Well, the bug is assigned to williamh, who is not /completely/ inactive. I
wonder, if only 37 commits in more than two years suffices for cvs access,
though.

> If we had one, the problem would
> have been solved. Unfortunately that software is doomed to lag behind the
> rest of Gentoo unless someone maintain it. If it wasn't for the need of
> that software by some users, probably treecleaners would have removed that
> already.
>
> In _this_ particular case, the notice interval is not important.

You're wrong here. What I'm inclined about is that we had (leastwise) a
fourteen day short notice to when the releaase snapshot would be taken. To
the end of this time frame there was another one that we'd release with GCC
4.x. Even if we had enough people to deal with everything thrown at us,it
would have been impossible to fix and stabilize the relevant packages on all
architectures.

If I had known this as estimated goal two months earlier, I'd had switched to
GCC 4.x a while before and noticed the bug, instead when it is too late.

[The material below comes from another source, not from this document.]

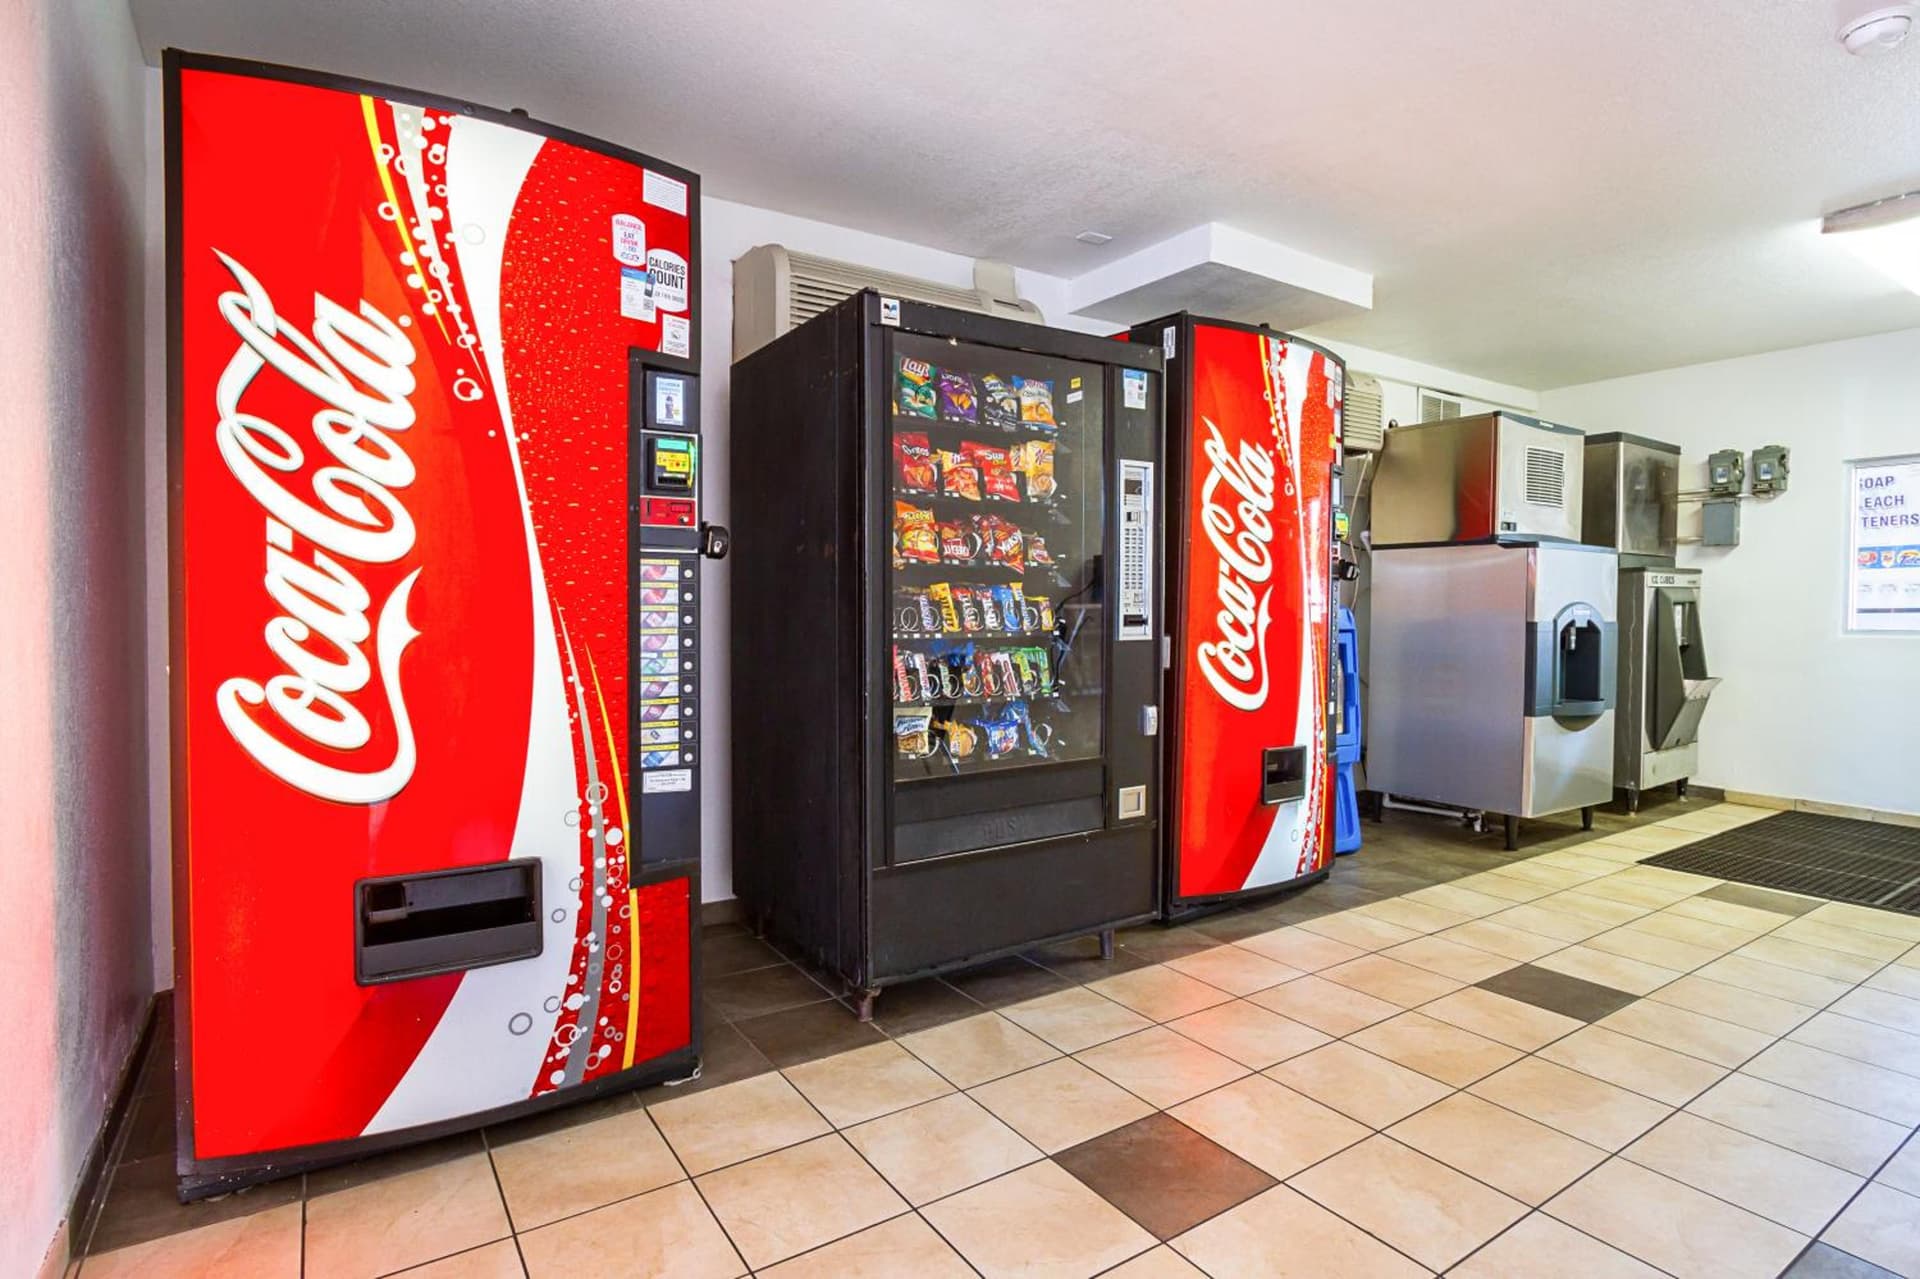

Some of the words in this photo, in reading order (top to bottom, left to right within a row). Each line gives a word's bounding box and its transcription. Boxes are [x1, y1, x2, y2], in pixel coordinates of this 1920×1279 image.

[648, 256, 686, 276] CALORIES
[210, 246, 423, 805] Coca-Cola
[1197, 415, 1276, 712] Coca-Cola

I
consider this part of what is broken within Gentoo communication-wise.


Carsten
Re: Re: The Age of the Universe [ In reply to ]
Wiktor Wandachowicz wrote:
> Simon Stelling wrote:
>
>> Edgar Hucek wrote:
>>> I know my tools but not necessarly the normal user who wanna use gentoo
>>> and is ending frustrated.
>> If the users are too lazy to read the documentation, why should we care
>> about them?
>
> Because we risk that Gentoo may receive the "user-UN-friendly" label and
> become irrelevant in the long run? I know it ain't gonna happen, but still.
>
> Both Edgar and you have some valid points. He refers mostly to the out-of-box
> experience, which includes compiling GNOME and its dependencies at the install
> time. With USE="accessibility" enabled, which makes perfect sense for people
> with disabilities. And then the first-ever Gentoo installation breaks on the
> speech-tools and festival.
>
> How would *you* feel in such case?
>
> You OTOH bring to the table a fact that developers shouldn't be that much
> concerned with the stabilization/testing of packages before new release of
> installation media. But new releases *ARE* targeted specifically at new users
> and it's them who suffer the most. Next to it is the reputation of Gentoo and
> its developers. Edgar's call was targeted mostly at releng and QA teams, who
> should poke developers to decrease number of similar problems.
>
> I maintain a bunch of Debian/sparc, Debian/i386, Gentoo/amd64, Gentoo/x86,
> Solaris/sparc, Ubuntu/i686 boxes and mind you, out-of-box experience at
> install time means A LOT.
>
> More respect to the users => more respect to Gentoo.
>

Let's see...

Several points (misunderstandings) need to be clarified.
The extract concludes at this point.